(Images for object localization)
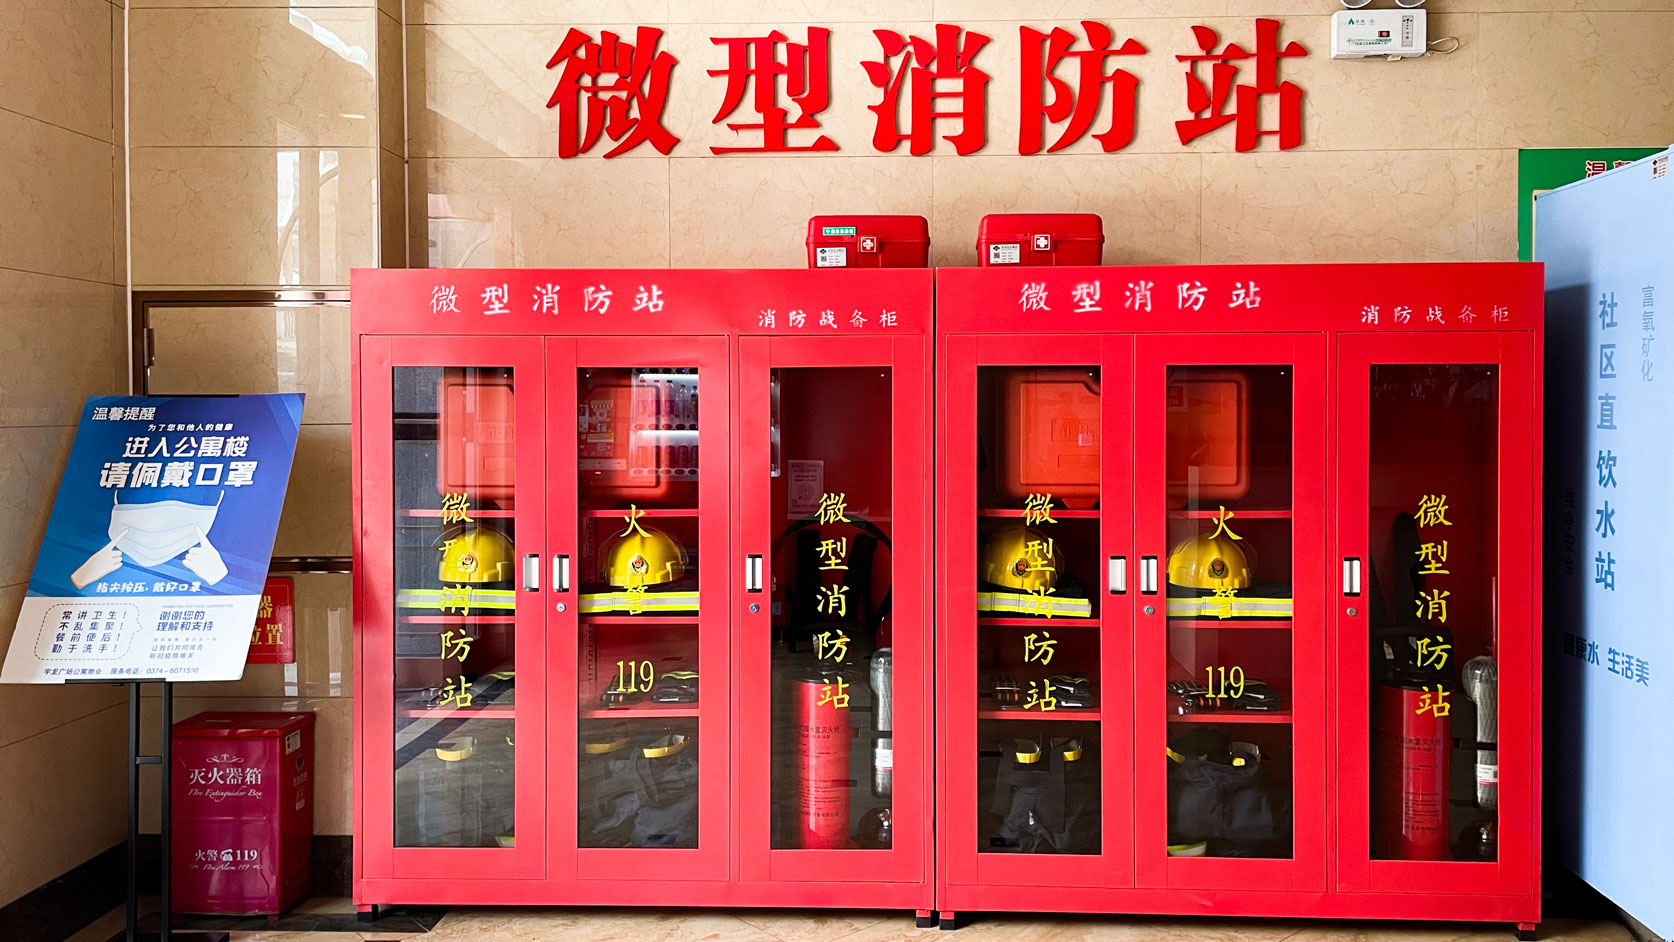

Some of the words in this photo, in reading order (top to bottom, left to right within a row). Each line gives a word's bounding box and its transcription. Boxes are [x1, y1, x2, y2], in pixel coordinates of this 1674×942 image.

[545, 18, 1309, 159] 微型消防站
[1585, 160, 1633, 179] 温
[429, 283, 666, 315] 微型消防站
[1018, 280, 1263, 313] 微型消防站
[757, 308, 900, 330] 消防战备柜
[1360, 305, 1512, 325] 消防战备柜
[1641, 284, 1656, 383] 富氧矿化
[92, 407, 156, 421] 温馨提醒
[148, 423, 234, 432] 为了您和他人的健康
[122, 436, 250, 457] 进入公寓楼
[1594, 291, 1618, 592] 社区直饮水站
[99, 461, 258, 488] 请佩戴口罩
[814, 492, 851, 709] 微型消防站
[1021, 492, 1058, 712] 微型消防站
[1414, 494, 1453, 718] 微型消防站
[156, 621, 214, 631] 理解和支持
[160, 610, 205, 621] 谢谢您的
[616, 660, 655, 693] 119
[1607, 646, 1651, 688] 生活美
[1205, 665, 1245, 699] 119
[188, 767, 262, 785] 灭火器箱
[195, 849, 218, 861] 火警
[236, 849, 258, 861] 119

About this task:
Quote every entry exactly, with the pictures omitted.

Reply to the exercise:
Some of the words in this photo, in reading order (top to bottom, left to right within a row). Each line gives a word's bounding box and its transcription. Boxes are [x1, y1, x2, y2], in pixel coordinates of this 1674×942 image.

[545, 18, 1309, 159] 微型消防站
[1585, 160, 1633, 179] 温
[429, 283, 666, 315] 微型消防站
[1018, 280, 1263, 313] 微型消防站
[757, 308, 900, 330] 消防战备柜
[1360, 305, 1512, 325] 消防战备柜
[1641, 284, 1656, 383] 富氧矿化
[92, 407, 156, 421] 温馨提醒
[148, 423, 234, 432] 为了您和他人的健康
[122, 436, 250, 457] 进入公寓楼
[1594, 291, 1618, 592] 社区直饮水站
[99, 461, 258, 488] 请佩戴口罩
[814, 492, 851, 709] 微型消防站
[1021, 492, 1058, 712] 微型消防站
[1414, 494, 1453, 718] 微型消防站
[156, 621, 214, 631] 理解和支持
[160, 610, 205, 621] 谢谢您的
[616, 660, 655, 693] 119
[1607, 646, 1651, 688] 生活美
[1205, 665, 1245, 699] 119
[188, 767, 262, 785] 灭火器箱
[195, 849, 218, 861] 火警
[236, 849, 258, 861] 119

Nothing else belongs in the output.